I find these people with a stereotypical, one-size-fits all mentality for those who believe that motherhood is a full time and exceptionally important job to be the ones who are regressive! It is both a full time and extremely important job. The more parents there are who hold this belief, the brighter the world’s future will be. To hold this belief does not disqualify you from believing in women’s rights! However, in a culture where women have the right to say no to sex and forced marriage, where they have the opportunities of education and careers, where they have access to contraception and the last resort of abortion (or giving up for adoption)… how can we claim that a person is being derogatory towards women’s right simply because they believe the child should come first?
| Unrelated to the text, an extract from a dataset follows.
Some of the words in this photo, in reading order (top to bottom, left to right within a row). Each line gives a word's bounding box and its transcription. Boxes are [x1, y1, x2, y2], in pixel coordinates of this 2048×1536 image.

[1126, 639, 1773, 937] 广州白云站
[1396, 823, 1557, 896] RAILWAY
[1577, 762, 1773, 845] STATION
I’m not even going to attempt modesty… I’m a fascinating person! I have an enviable life filled with diversity and little adventures. Motherhood has not robbed me of my life, nor has it slowed me down. I always have six or more projects on the go at any one time and an international trip on the horizon. Yet, we have managed to raise my son with a minimal use of babysitting in a best-of-both-worlds scenario. He has never been to a nursery. His care, his needs, his wanting to play with me are not tedious tasks that depress me. On the contrary, I have struggled almost my whole life with depression and find even sadness literally impossible in his presence. He is a fascinating creature, and although his vocabulary is still very limited, he is his own person with his own interests, likes and dislikes.
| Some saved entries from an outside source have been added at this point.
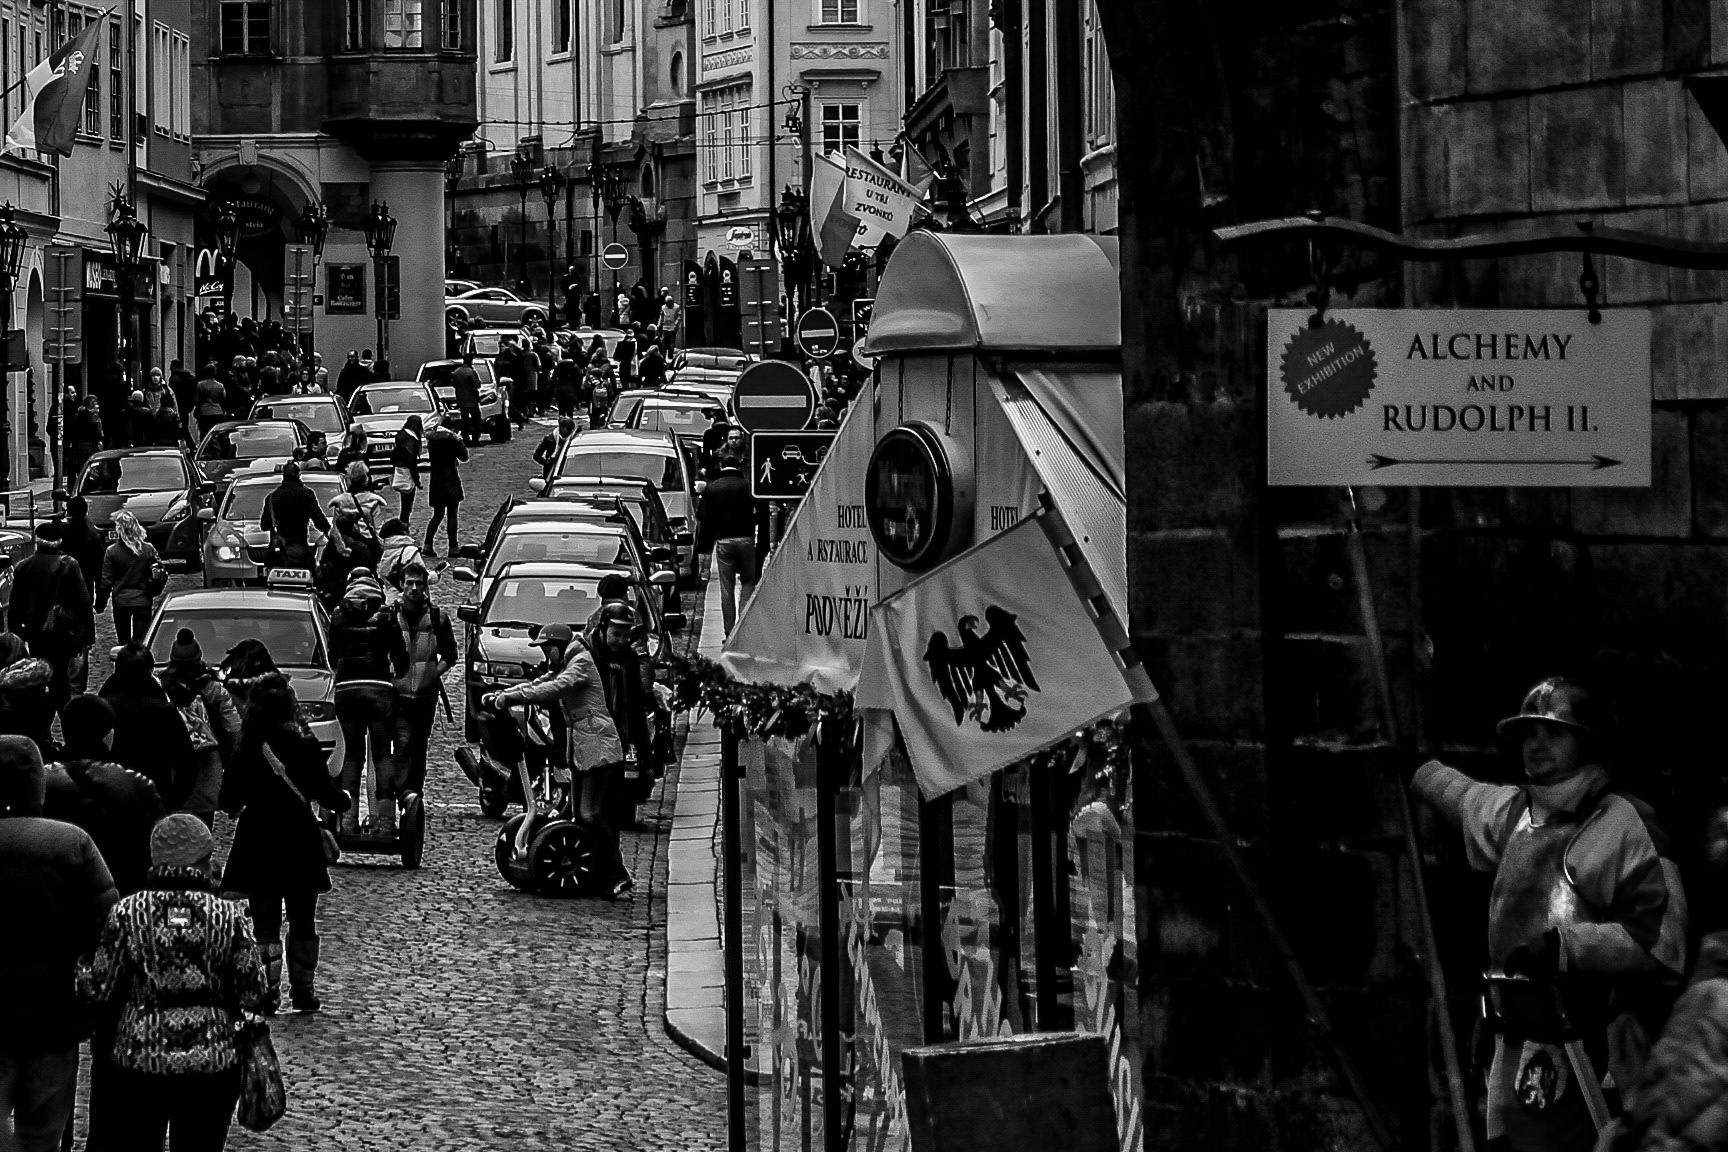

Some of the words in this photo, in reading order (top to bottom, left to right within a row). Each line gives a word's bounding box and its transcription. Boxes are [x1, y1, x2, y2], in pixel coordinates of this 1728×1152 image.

[846, 166, 910, 198] RESTAURANT
[866, 189, 874, 199] U
[1307, 341, 1334, 367] NEW
[1406, 332, 1573, 361] ALCHEMY
[1297, 344, 1364, 394] EXHIBITION
[1466, 374, 1515, 393] AND
[1382, 404, 1551, 433] RUDOLPH
[1566, 404, 1599, 432] II.
[837, 505, 866, 529] HOTEL
[807, 538, 813, 561] A
[274, 570, 307, 579] TAXI
If a person can not find something interesting and engaging about their own children, it is not the fault of parenthood and certainly not the fault of their children. The fault is within themselves. The woman who wrote this article had NO BUSINESS bringing three little lives into this world that she clearly considered nothing but a burden to be farmed out to people not as financially well off as she is. (People who may even have their own children who they would rather be with and would give anything to trade places with her). In my eyes, she is no better than the “mother” who “breeds for a free ride.” (Women who abuse child support, benefits, etc. by having children they constantly pawn off to other family members, friends or anyone who will take them). I have a regrettable sibling who does this, and although the woman who wrote The Telegraph article is financially much better off than my sibling, they are of the same ilk: irresponsible and selfish.

Some of the comments on the story equated the 25% of women who just want to be wives and mothers with the Victorian era. If a woman genuinely only wants to be a mother and a wife, is it not against her “women’s rights” to condemn her pursuit and fulfilment of her own dreams? We don’t all need to be career women.
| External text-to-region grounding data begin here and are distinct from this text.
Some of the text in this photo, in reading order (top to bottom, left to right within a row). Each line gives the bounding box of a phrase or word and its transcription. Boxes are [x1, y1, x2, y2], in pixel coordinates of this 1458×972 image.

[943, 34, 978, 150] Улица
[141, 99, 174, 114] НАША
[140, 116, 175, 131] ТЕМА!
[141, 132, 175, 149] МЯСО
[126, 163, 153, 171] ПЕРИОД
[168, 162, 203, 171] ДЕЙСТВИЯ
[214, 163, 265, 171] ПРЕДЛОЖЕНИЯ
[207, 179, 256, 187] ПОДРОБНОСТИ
In reality, however, this idea of Victorian mums at home is a fallacy. During the industrial revolution, woman in the droves had to abandon their children to work in the factories. (Of course, it wasn’t long after infancy that those children were sent off to work in the factories as well). The same happened any time the men were all off at war.

Lastly, I would like to add that the importance of stay-at-home fathers is often forgotten, and societies should value the dads who stay at home with the little ones whilst the mums are off at work just as much as if it were the reverse situation.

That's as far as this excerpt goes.